Quando os adultos leem para crianças

Literatura infanto-adultiva

Experiências de quando os adultos leem livros para crianças

Gabriel Perissé*

literatura

Deveria ser obrigatório que todo adulto lesse literatura infantil. Seria uma forma de lembrar nossa condição fundamental de criaturas que preferem brincar a brigar, sorrir a chorar, que festejam as histórias ao invés de estragar as festas, que gostam de fantasiar ao invés de mentir.

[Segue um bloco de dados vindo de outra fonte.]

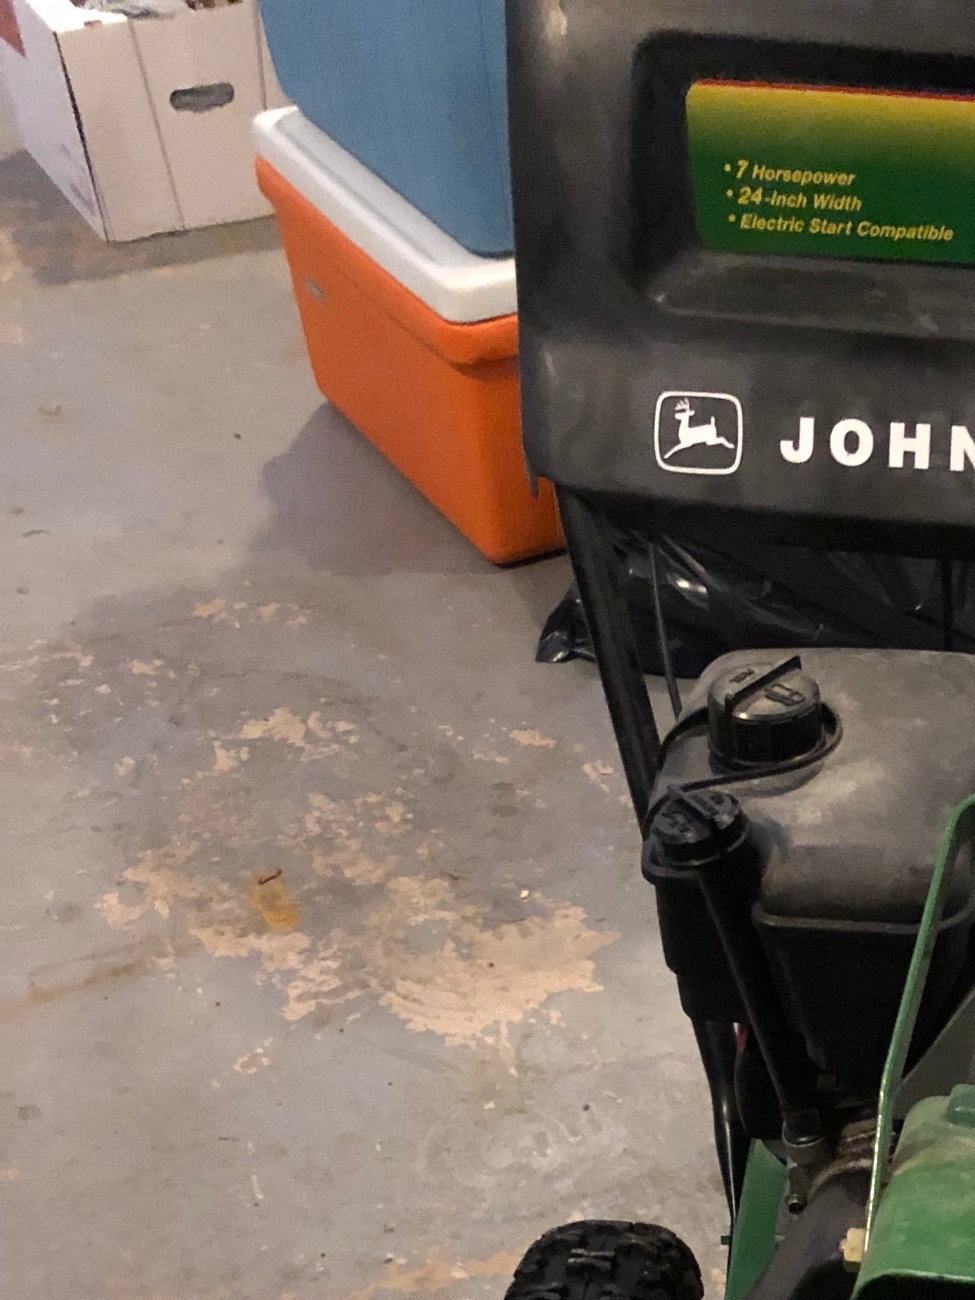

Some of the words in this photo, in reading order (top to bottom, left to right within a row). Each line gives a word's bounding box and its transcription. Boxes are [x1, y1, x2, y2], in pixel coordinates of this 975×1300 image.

[736, 160, 749, 180] 7
[752, 164, 856, 186] Horsepower
[737, 186, 807, 208] 24-Inch
[813, 194, 862, 212] Width
[740, 213, 804, 233] Electric
[809, 218, 852, 236] Start
[857, 221, 954, 241] Compatible
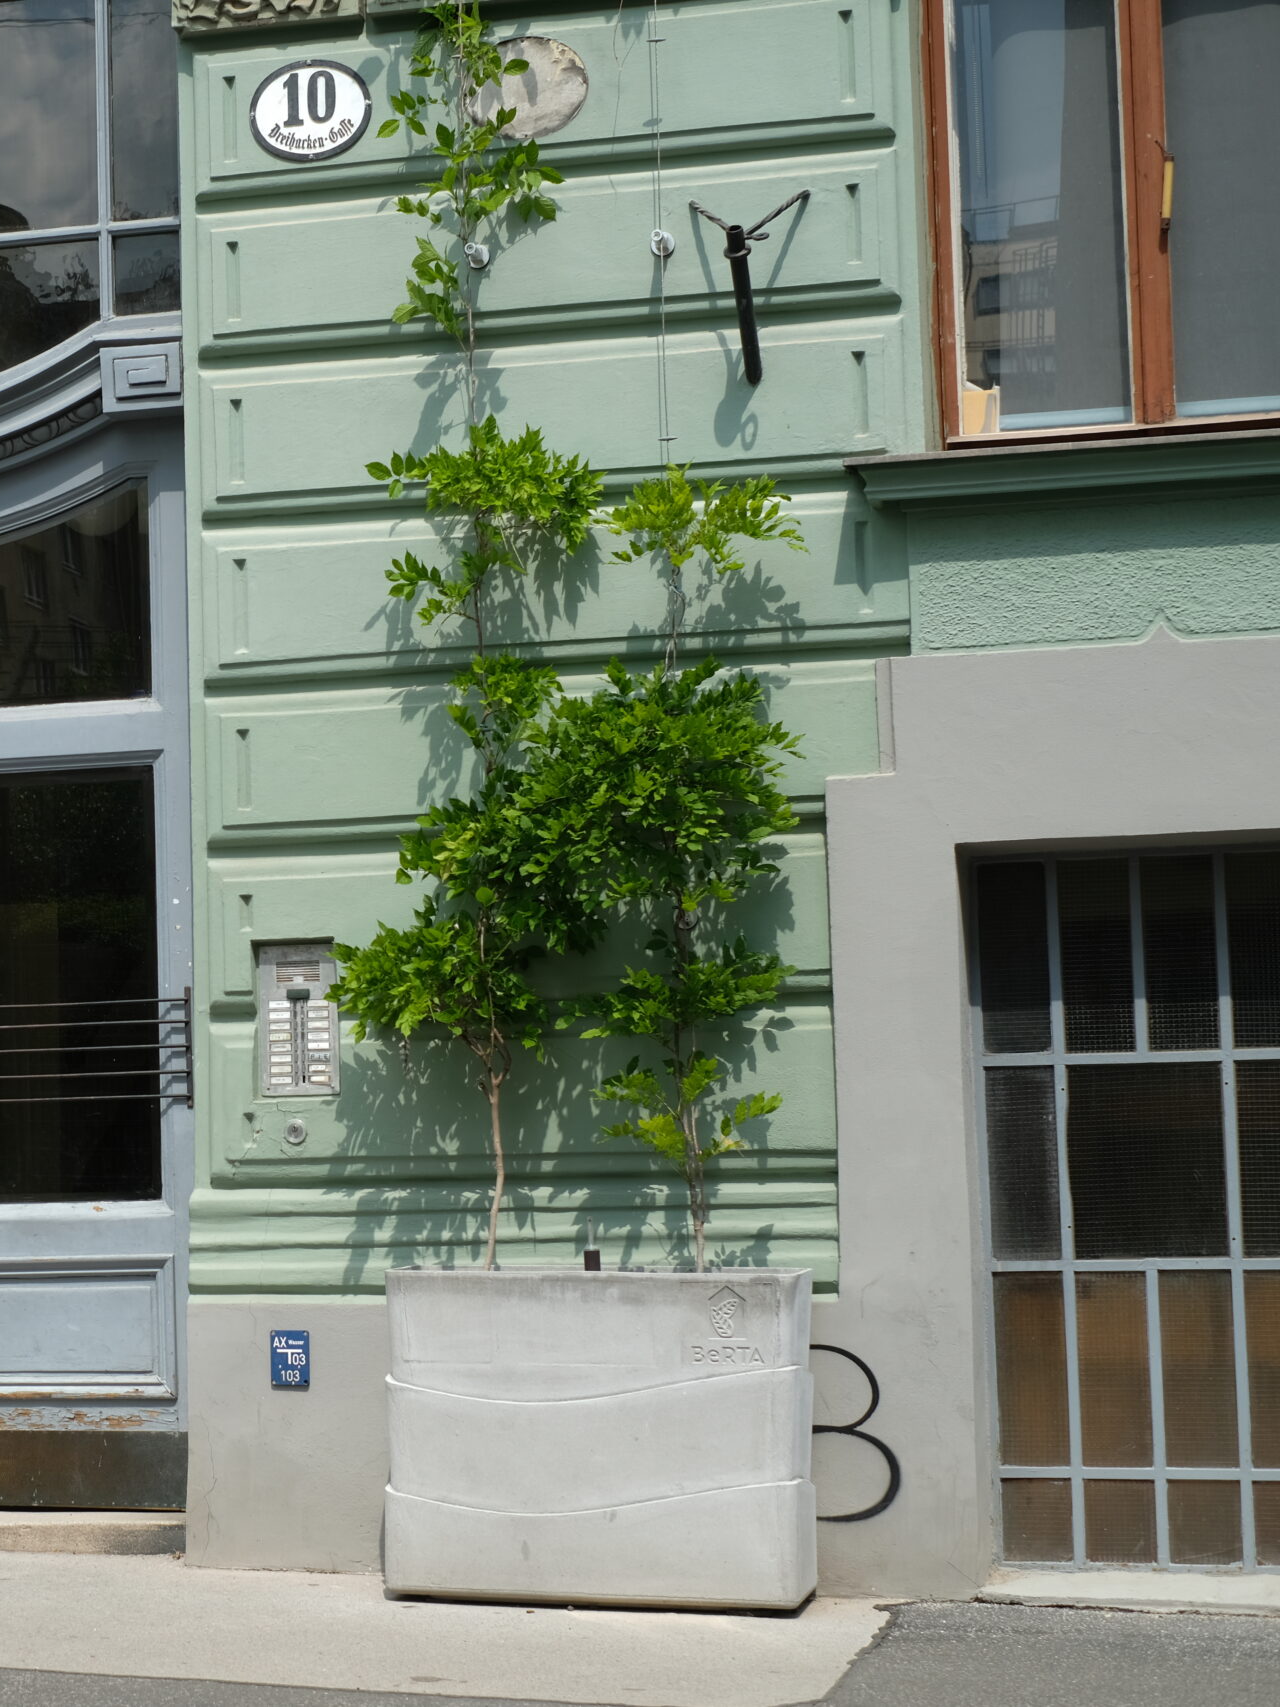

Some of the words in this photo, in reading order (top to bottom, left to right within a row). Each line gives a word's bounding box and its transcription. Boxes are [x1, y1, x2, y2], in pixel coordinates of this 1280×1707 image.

[282, 70, 336, 128] 10
[273, 1336, 287, 1348] AX
[690, 1345, 765, 1365] BeRTA

Mas para que nós, adultos, não nos sintamos ofendidos com esta lição de casa, criemos um novo gênero: a literatura infanto-adultiva. Os livros são os mesmos, mas podemos afirmar que serão especialmente significativos para maiores de trinta anos!

Mania de explicar
Existem títulos brasileiros que podemos incluir nesta nova categoria, como o Mania de explicação, de Adriana Falcão (Editora Moderna, 2001).

A menina da história tem uma mania tipicamente adultiva. Ela gosta de inventar explicação para tudo. E que seja sempre uma explicação simples e bonita. Todo adulto que se preza pensa que tem explicação para tudo. Que sabe explicar até o inexplicável.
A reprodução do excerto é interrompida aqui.